*Brief*. Would you write out the entries that follow word for word, omitting any images?
Supplied information below:
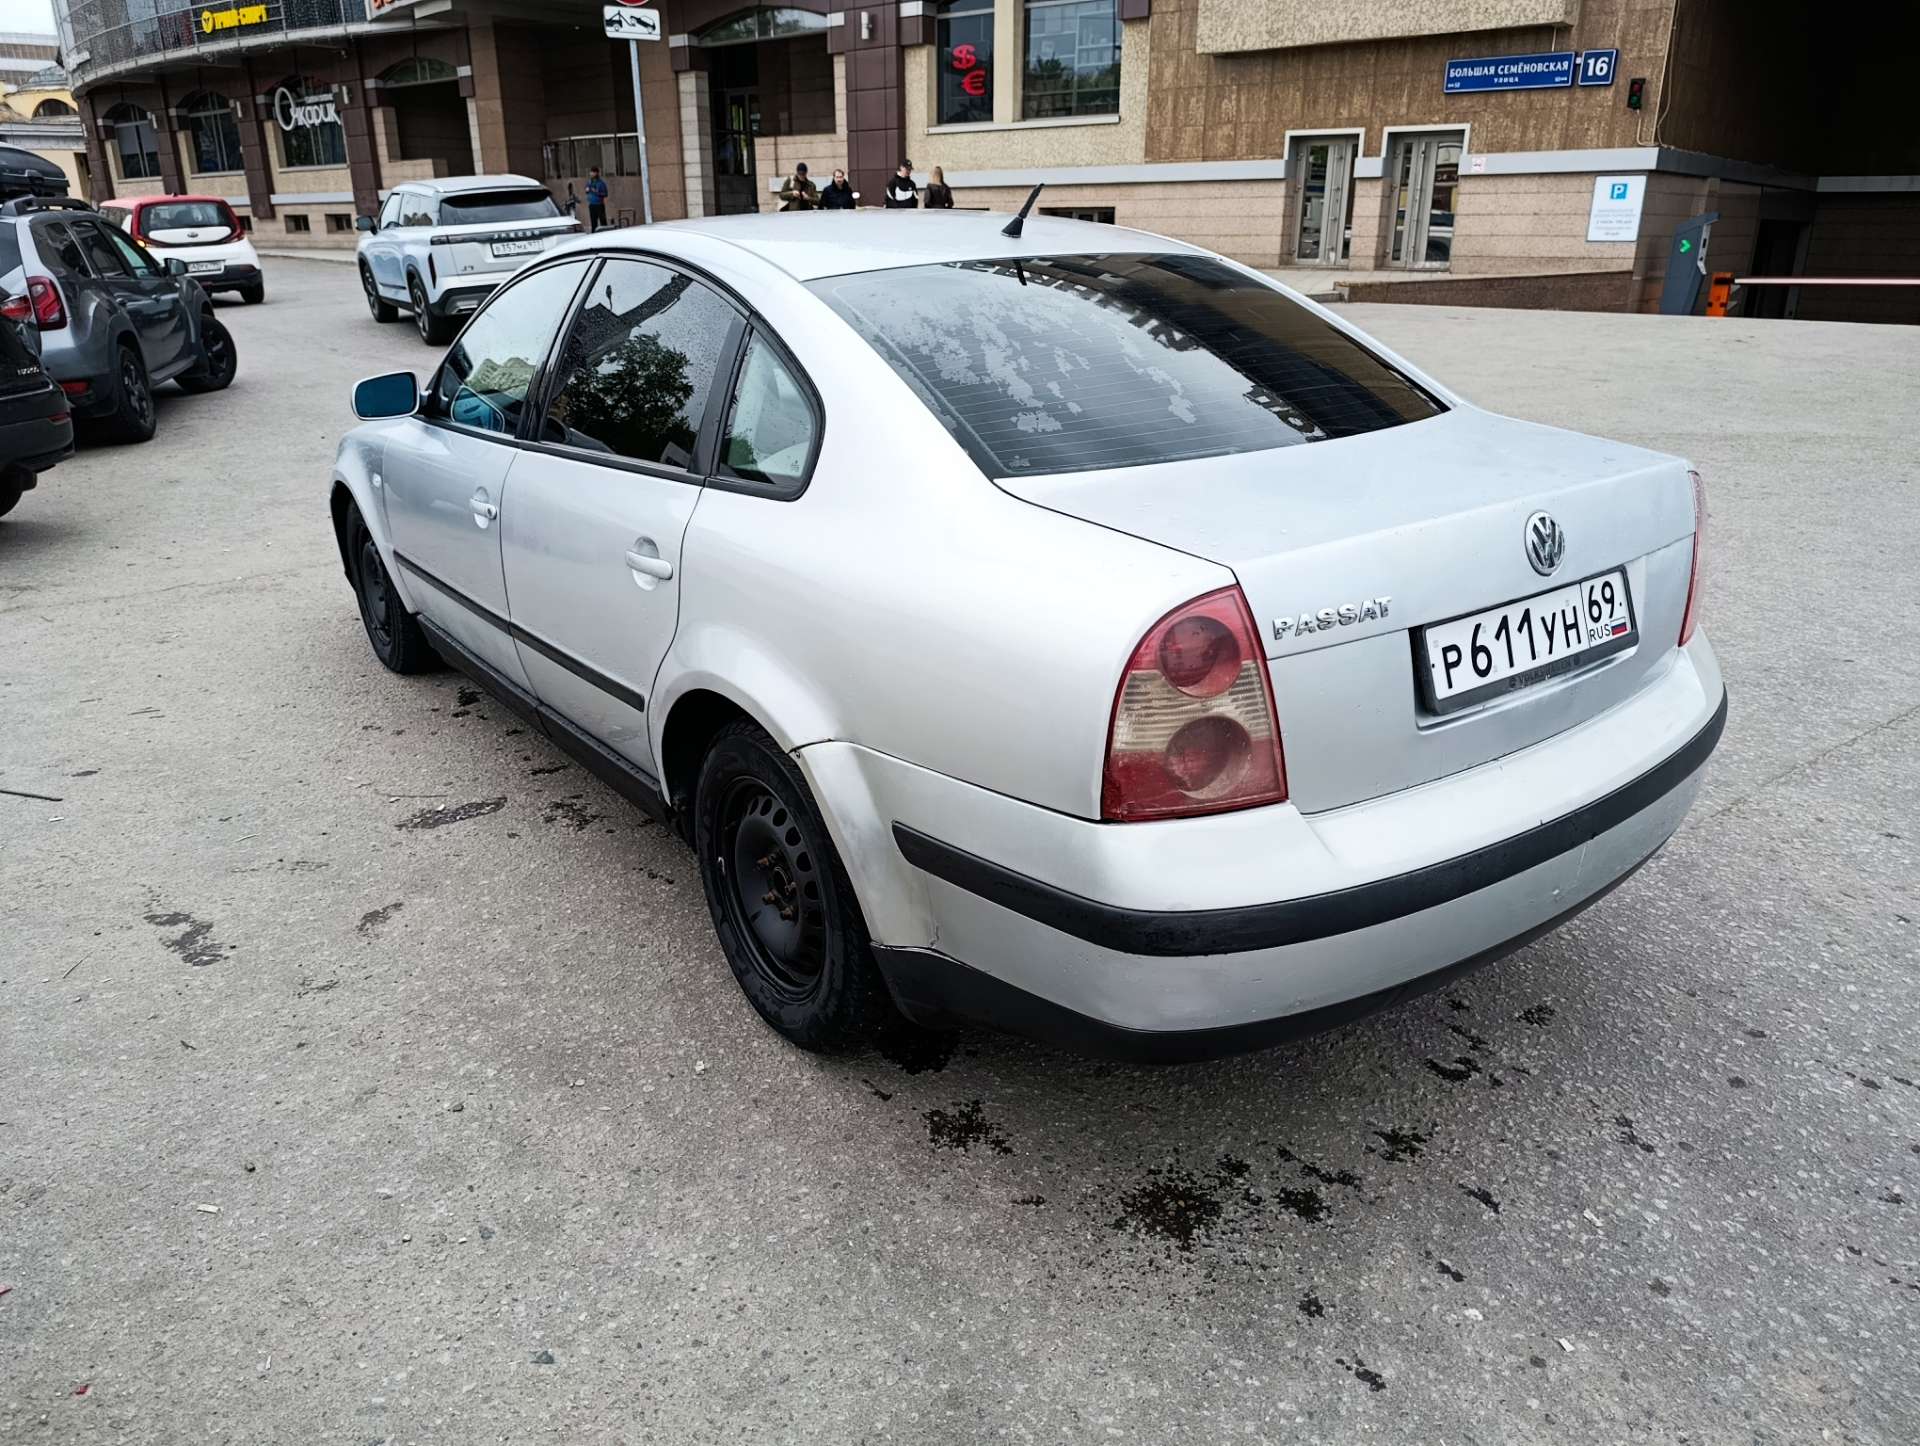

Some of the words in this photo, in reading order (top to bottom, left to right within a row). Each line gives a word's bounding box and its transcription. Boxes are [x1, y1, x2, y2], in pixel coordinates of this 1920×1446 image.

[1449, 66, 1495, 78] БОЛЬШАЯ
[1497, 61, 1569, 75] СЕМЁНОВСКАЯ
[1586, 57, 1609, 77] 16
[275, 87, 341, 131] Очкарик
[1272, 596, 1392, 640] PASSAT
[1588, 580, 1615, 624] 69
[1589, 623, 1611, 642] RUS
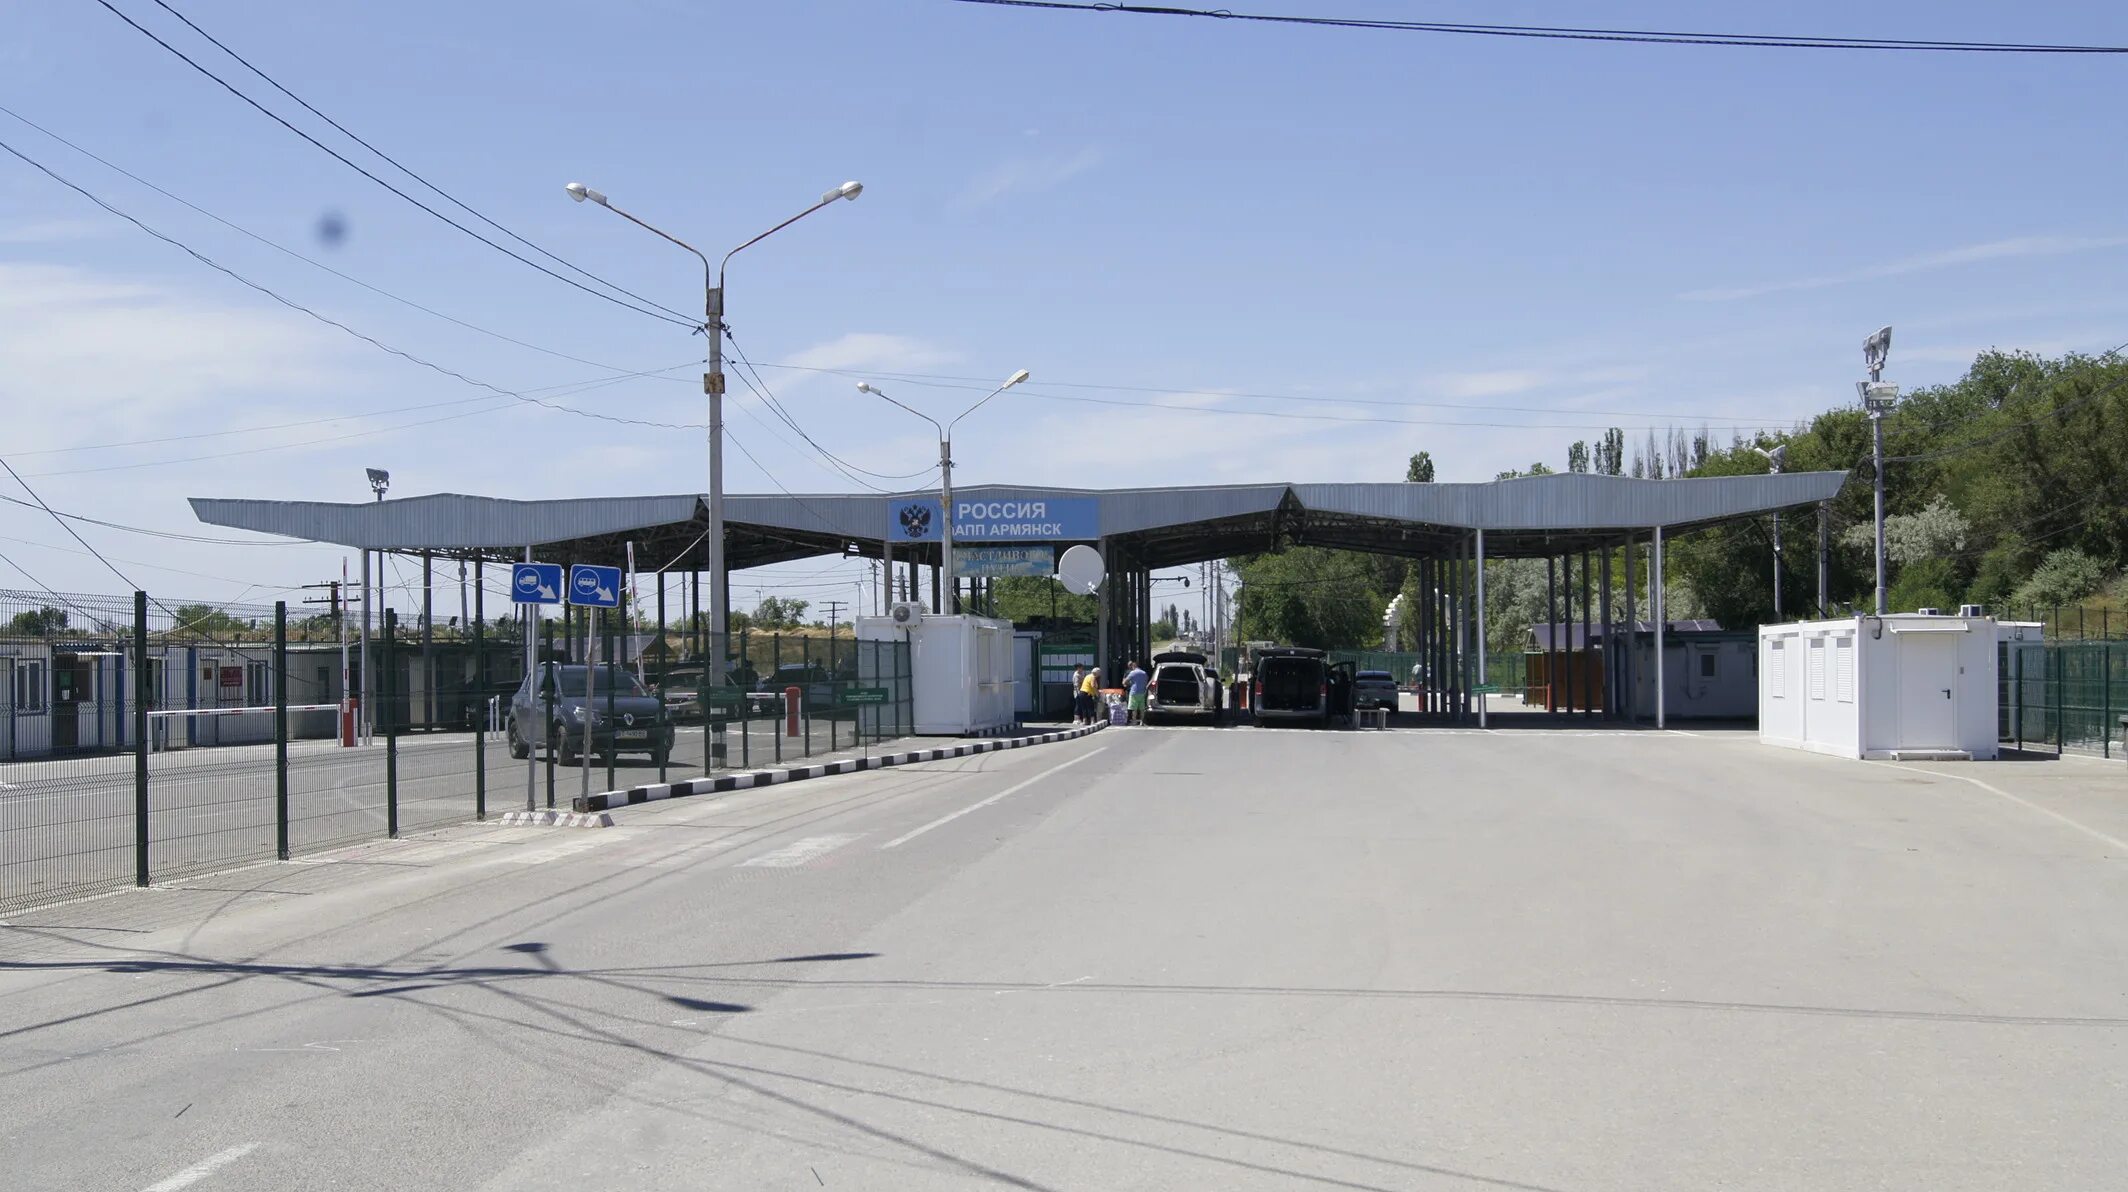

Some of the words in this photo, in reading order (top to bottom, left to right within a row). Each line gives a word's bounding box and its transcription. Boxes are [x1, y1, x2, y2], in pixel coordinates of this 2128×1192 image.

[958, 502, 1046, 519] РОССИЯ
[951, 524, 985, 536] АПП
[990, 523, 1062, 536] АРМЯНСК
End of Supplied information.
*Answer space*.
Some of the words in this photo, in reading order (top to bottom, left to right within a row). Each line gives a word's bounding box and its transcription. Boxes are [x1, y1, x2, y2], in pixel coordinates of this 1920×1446 image.

[1449, 66, 1495, 78] БОЛЬШАЯ
[1497, 61, 1569, 75] СЕМЁНОВСКАЯ
[1586, 57, 1609, 77] 16
[275, 87, 341, 131] Очкарик
[1272, 596, 1392, 640] PASSAT
[1588, 580, 1615, 624] 69
[1589, 623, 1611, 642] RUS

Some of the words in this photo, in reading order (top to bottom, left to right within a row). Each line gives a word's bounding box and its transcription. Boxes are [x1, y1, x2, y2], in pixel coordinates of this 2128×1192 image.

[958, 502, 1046, 519] РОССИЯ
[951, 524, 985, 536] АПП
[990, 523, 1062, 536] АРМЯНСК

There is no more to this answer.